According to Shanghai Metals Market (SMM), Mizuho has joined JPMorgan and Wells Fargo in sharply reducing Tesla’s price target amid deepening demand concerns and geopolitical headwinds. Mizuho cut its target from $515 to $430, citing weaker-than-expected demand, especially in major markets like the U.S., Europe, and China.
According to the Chinese metals focused media (opens in a new tab), Tesla’s stock fell over 5% on Monday to $237.44, marking a near 40% decline year-to-date—far underperforming the S&P 500. Mizuho now forecasts 1.8 million vehicle deliveries for 2025 and 2.3 million for 2026, significantly below previous estimates. Competition in China and underwhelming sales of the updated Model Y are compounding the pressure.
Notably, the report attributes part of the brand’s decline to “deteriorating geopolitics” and Elon Musk’s controversial political involvement, which may be eroding brand perception. Mizuho’s $430 target remains well above the current Wall Street consensus of $367 (Visible Alpha), highlighting possible optimism compared to more bearish peers like Wells Fargo and JPMorgan, which set targets as low as $130 and $120. The article, translated from the Chinese financial outlet CLS, appears factual but subtly frames Tesla’s political risks and U.S.-China tensions as central culprits—suggesting a possible geopolitical bias aligned with Chinese strategic narratives.
Tesla’s stumble isn’t just a red flag for electric vehicles—it’s a tremor felt deep in the rare earth markets. With deliveries slashed to 1.8 million units for 2025, the demand for critical magnetic materials like neodymium, praseodymium, dysprosium, and terbium will likely get hit. These elements, essential for the high-performance motors that power Teslas, could soften prices in the short term, especially if rivals fail to pick up the slack. The signal seems clear to the clear-headed. The once-relentless EV surge may be leveling off, dragging a critical slice of the rare earth demand curve down with it.

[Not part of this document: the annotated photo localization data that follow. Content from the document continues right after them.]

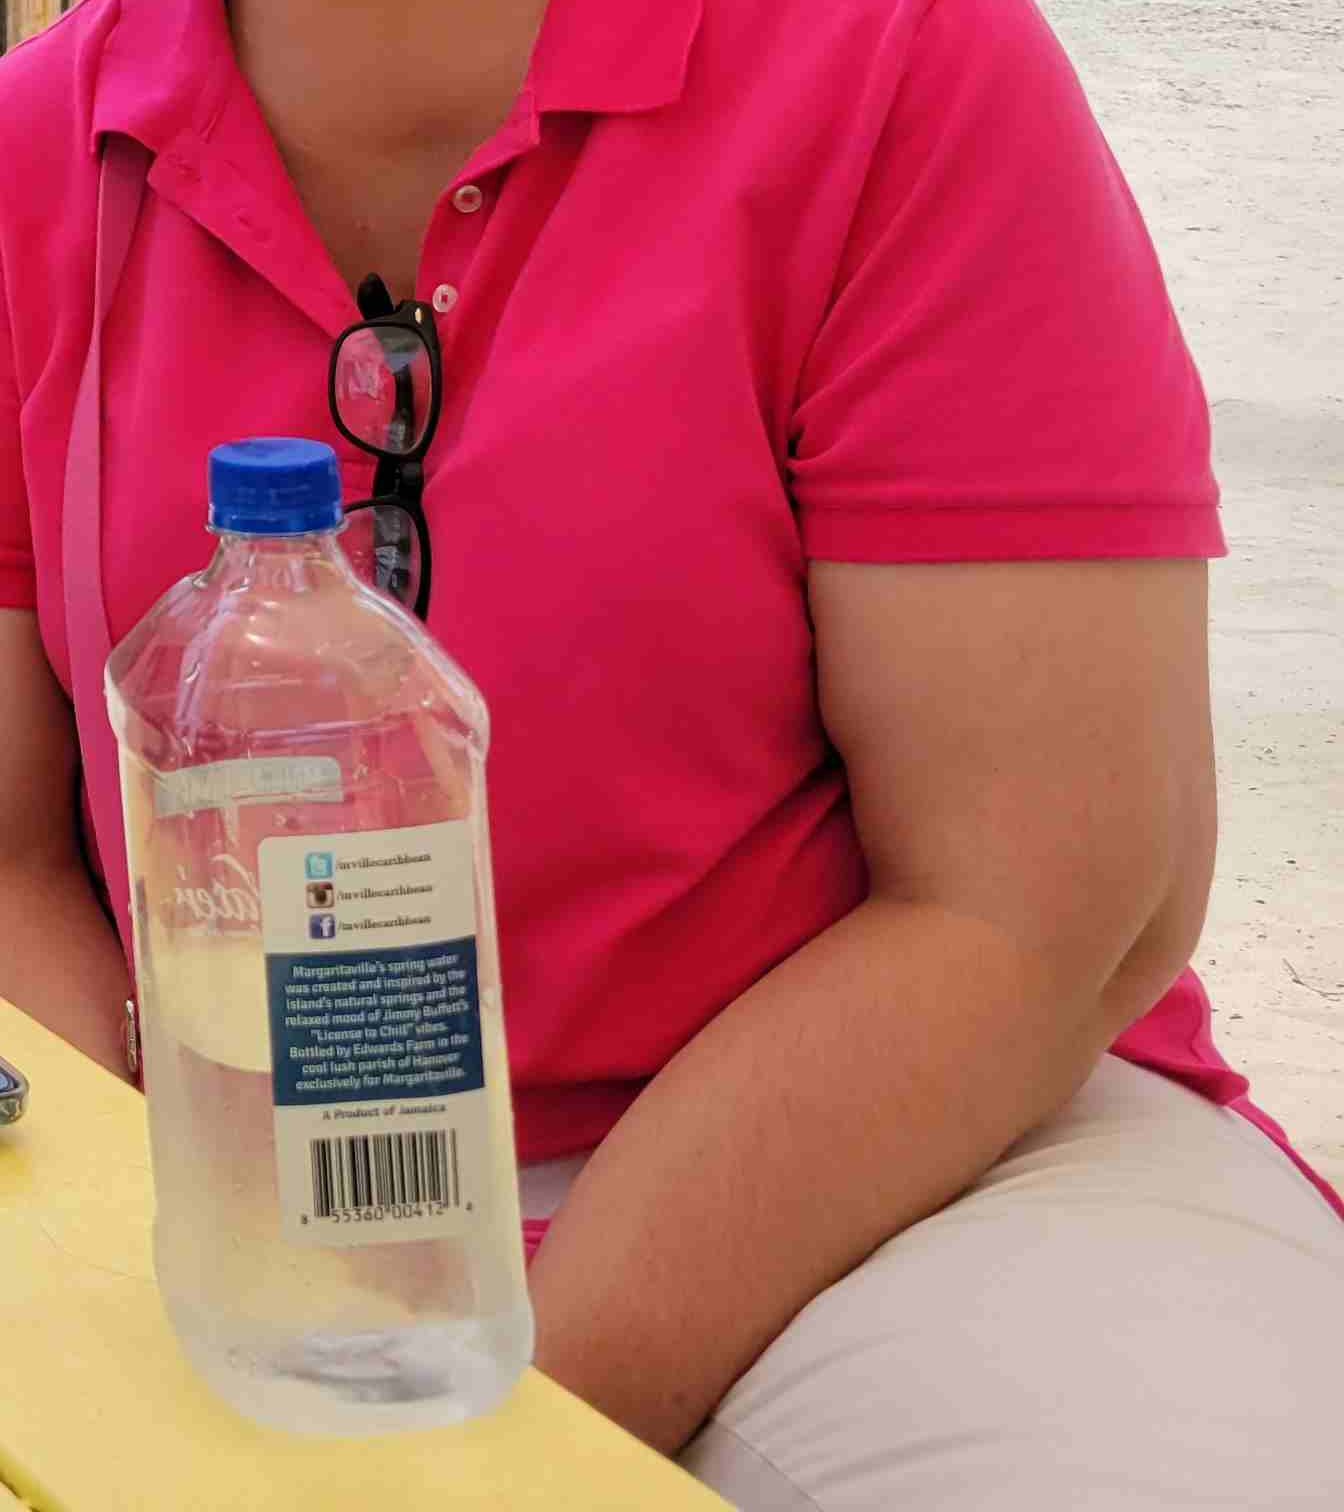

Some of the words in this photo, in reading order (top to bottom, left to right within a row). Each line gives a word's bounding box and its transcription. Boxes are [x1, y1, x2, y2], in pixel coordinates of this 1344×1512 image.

[293, 961, 386, 979] Margaritaville's
[388, 958, 425, 974] spring
[427, 952, 459, 967] water
[285, 984, 310, 994] was
[312, 980, 355, 993] created
[358, 977, 381, 990] and
[383, 974, 431, 990] inspired
[433, 972, 446, 986] by
[447, 969, 466, 982] the
[335, 993, 377, 1008] natural
[380, 990, 424, 1006] springs
[426, 988, 447, 999] and
[448, 985, 466, 997] the
[285, 1014, 330, 1028] relaxed
[332, 1011, 365, 1024] mood
[367, 1009, 382, 1022] of
[382, 1006, 420, 1023] Jimmy
[422, 1001, 469, 1018] Buffett's
[365, 1027, 377, 1039] to
[289, 1045, 334, 1059] Bottled
[336, 1044, 351, 1059] by
[353, 1041, 405, 1055] Edwards
[406, 1039, 436, 1051] Farm
[437, 1037, 449, 1049] in
[450, 1033, 469, 1045] the
[302, 1062, 328, 1073] cool
[330, 1059, 355, 1072] lush
[358, 1058, 396, 1073] parish
[397, 1055, 412, 1068] of
[413, 1052, 460, 1066] Hanover
[296, 1076, 362, 1091] exclusively
[363, 1073, 382, 1086] for
[322, 1110, 332, 1121] A
[333, 1107, 380, 1120] Product
[382, 1105, 396, 1116] of
[399, 1102, 446, 1116] Jamaica
[330, 1207, 385, 1224] 55360
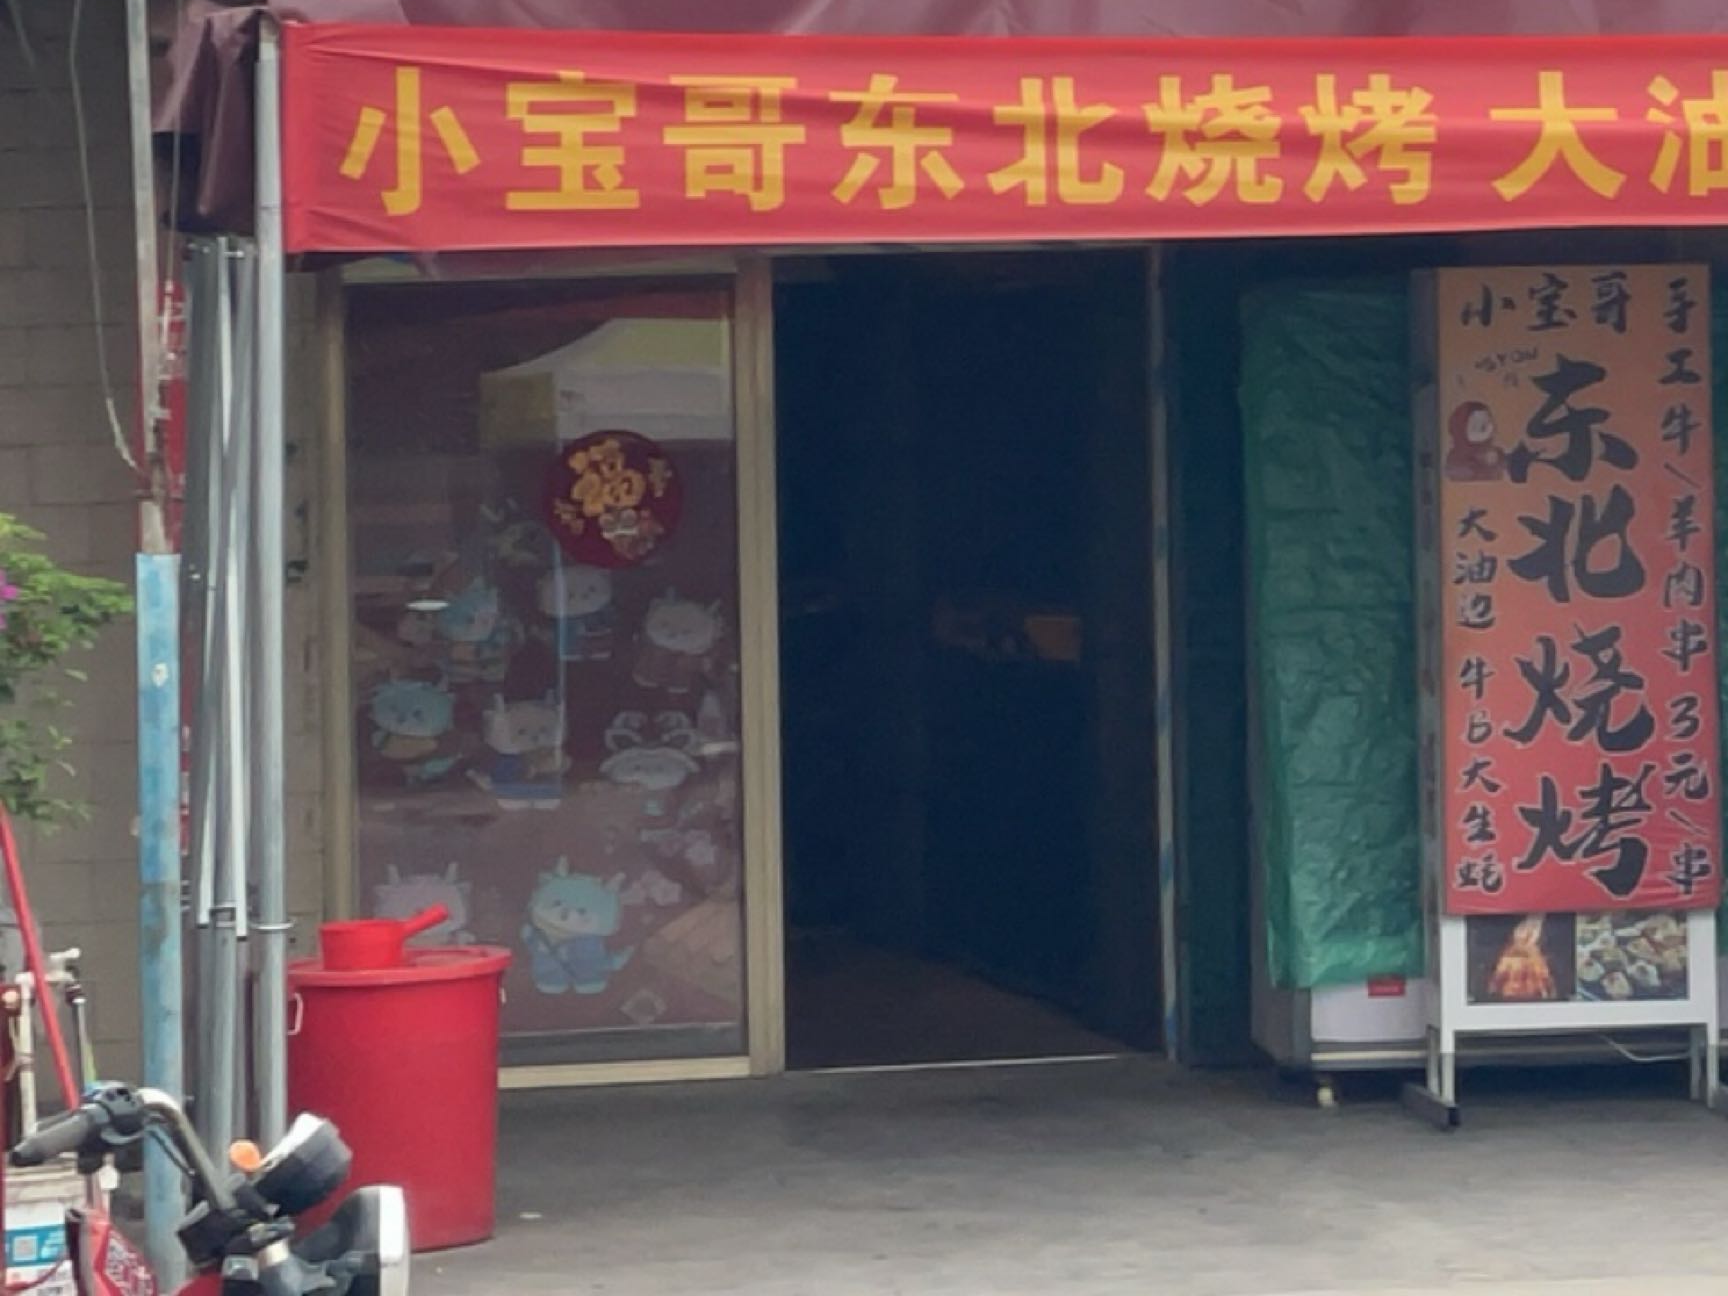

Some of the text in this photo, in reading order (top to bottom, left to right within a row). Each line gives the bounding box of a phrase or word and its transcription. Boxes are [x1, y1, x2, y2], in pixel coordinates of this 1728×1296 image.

[340, 65, 1438, 216] 小宝哥东北烧烤
[1459, 270, 1632, 335] 小宝哥
[1453, 507, 1499, 631] 大油边
[1502, 352, 1657, 897] 东北烧烤

Rare Earth Exchanges predicted a decline in the electrical vehicle market Donald Trump’s victory taking the U.S. presidency. Exiting the Paris Agreement, cutting electric vehicle targets and the like were undoubtedly going to have some impact.

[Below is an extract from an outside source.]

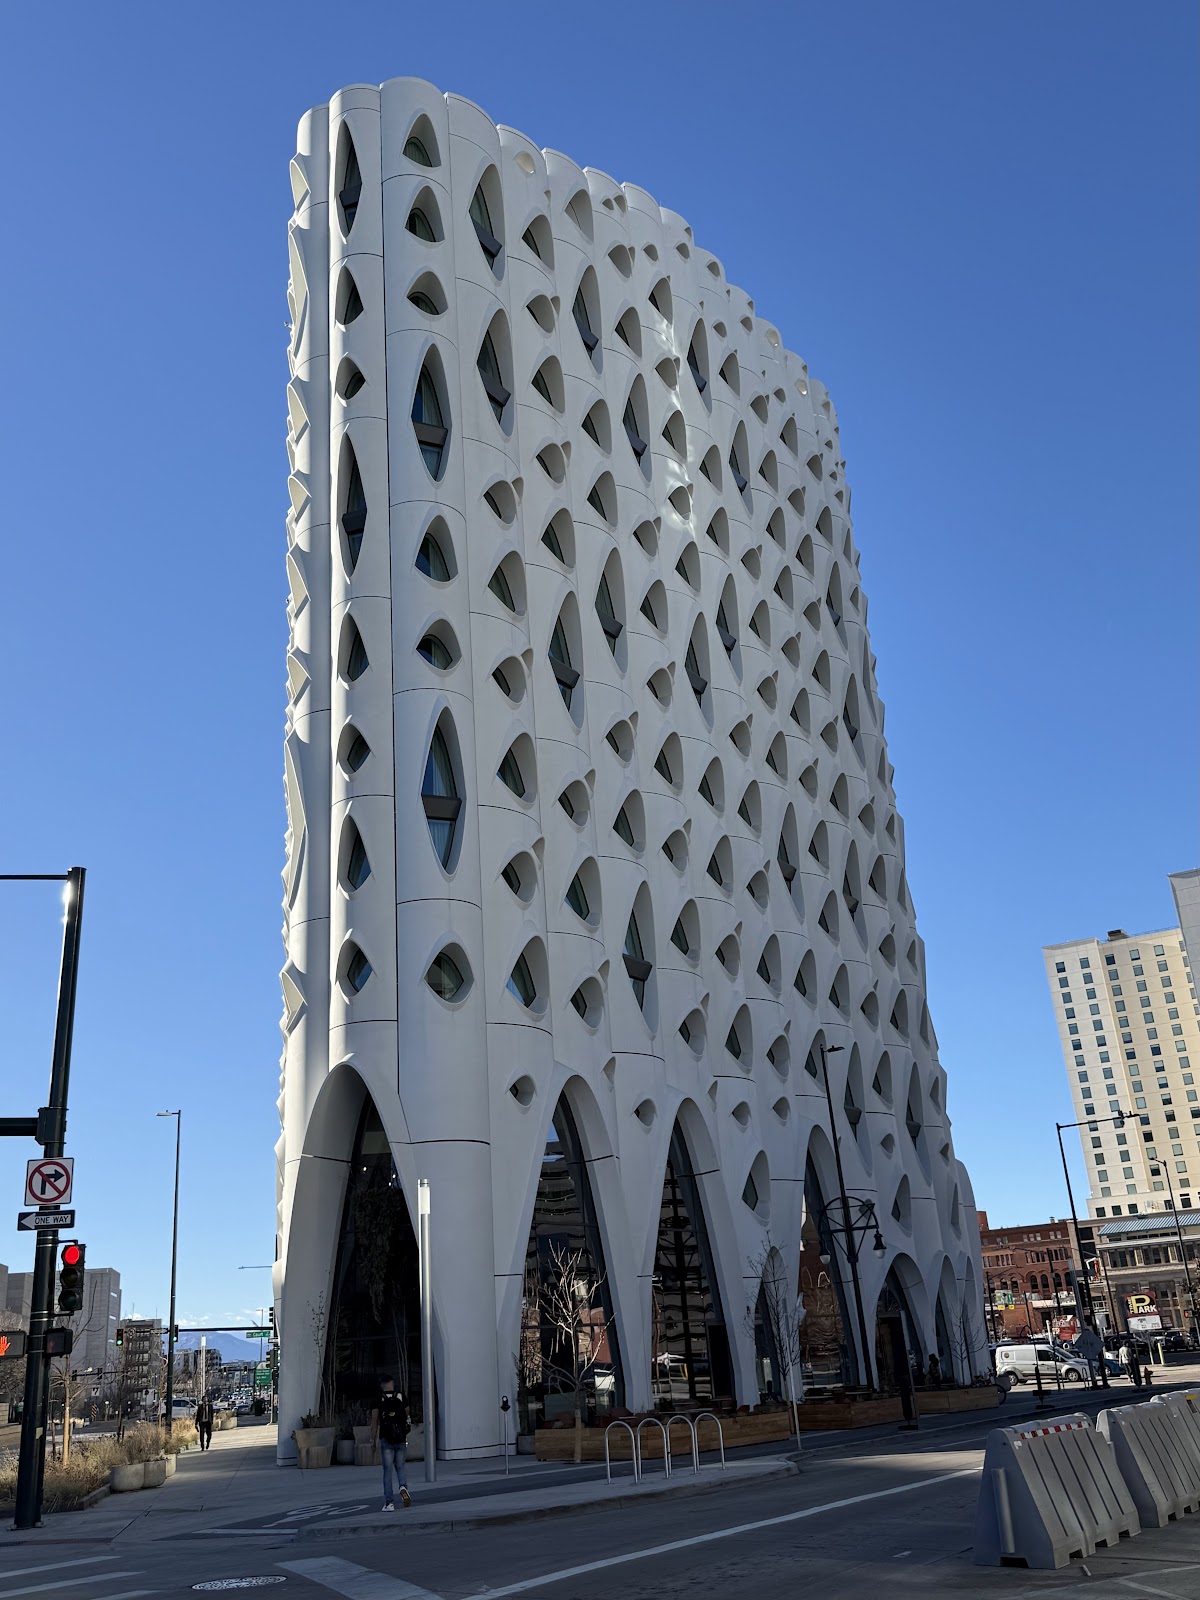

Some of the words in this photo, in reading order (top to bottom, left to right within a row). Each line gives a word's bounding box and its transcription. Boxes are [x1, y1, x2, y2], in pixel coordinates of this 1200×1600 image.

Meanwhile, China tightens its grip. As Tesla weathers political blowback and trade war threats, and President Trump just ordered a critical minerals executive order via a wartime-like posture, Chinese automakers like BYD and XPeng push forward, vertically integrating rare earth supply chains and scaling production.
Ex-China collaborations are emerging, forming supply chains, but they are just in the beginning stages.
This divergence may widen the chasm between East and West. For Western rare earth developers, especially those still pitching EV-driven growth, the chill in investor sentiment could mean delays, down rounds, or a strategic pivot toward more stable markets—defense, wind energy, or grid technologies. Could Tesla’s slide be more than a stock chart dip, but in fact, a strategic inflection point for global rare earths?